B.A. was founded by Justin Rice and Christian Rudder in the spring of 2003 and they recorded their album “Charm School” a few months later. They got vocal help from the dreamy-sounding Bonnie Karin and some others floated in on a few songs to help. But really Bishop Allen is Justin and Christian’s baby. Upon the second listen the album seemed amazingly familiar, I felt at home in the New England pop rock.
Every song has its reasons for being the stand out track. I’ll just go through them all.
The title track has the clangy rhythm guitar. The next song, “Little Black Ache,” has the great line “Sleeping on the subway in my interview tie.” Then “Busted Heart” comes, Modest Mouse without the slurred speech of Isaac Brock. “Bishop Allen Drive” has Karin singing “We were throwing furniture off the roof … singing: La la la la la la la la la la.” “Eve of Destruction” finds the first verse spewed at a great white-boy rap pace. “Things Are What You Make of Them” is one of the catchiest songs (both versions!) to hit my headphones in a while.

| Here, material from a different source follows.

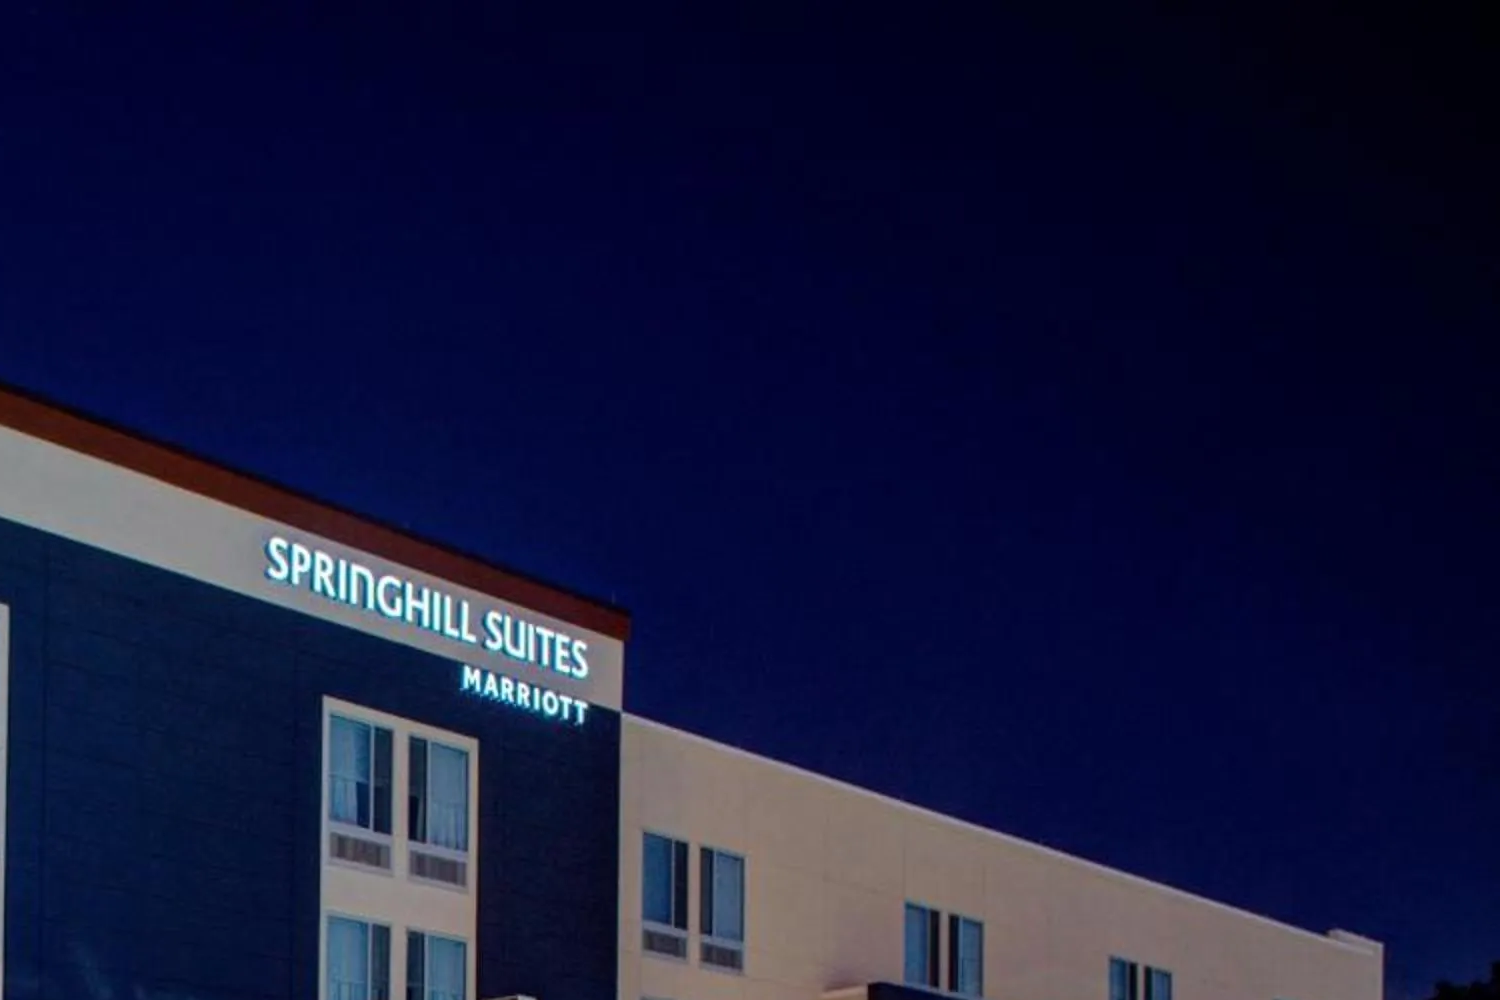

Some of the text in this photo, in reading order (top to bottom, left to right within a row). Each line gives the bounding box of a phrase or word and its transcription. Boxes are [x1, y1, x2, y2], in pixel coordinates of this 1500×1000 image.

And then there’s “Coupla Easy Things” which has such great harmonies between male and female vocals-it’s such a sweet song. “Quarter to Three” has the lovely line “She sounded like a symphony / When she simply said my name.” And the last track, called “Another Wasted Night,” has the rally cry “5,6,7,8, / Let’s stay up late!”
Now, I have never done a song-by-song review of an album. I hope you guys understand how great this album is. I feel that this album will be playing on repeat for a long time to come. It’s just too bad that “Charm School” was released in 2003, because I can’t include it on my best of 2004 list. But, Christian did tell me they will have a new disc out by February or March of next year. Right now that seems like a long time to wait.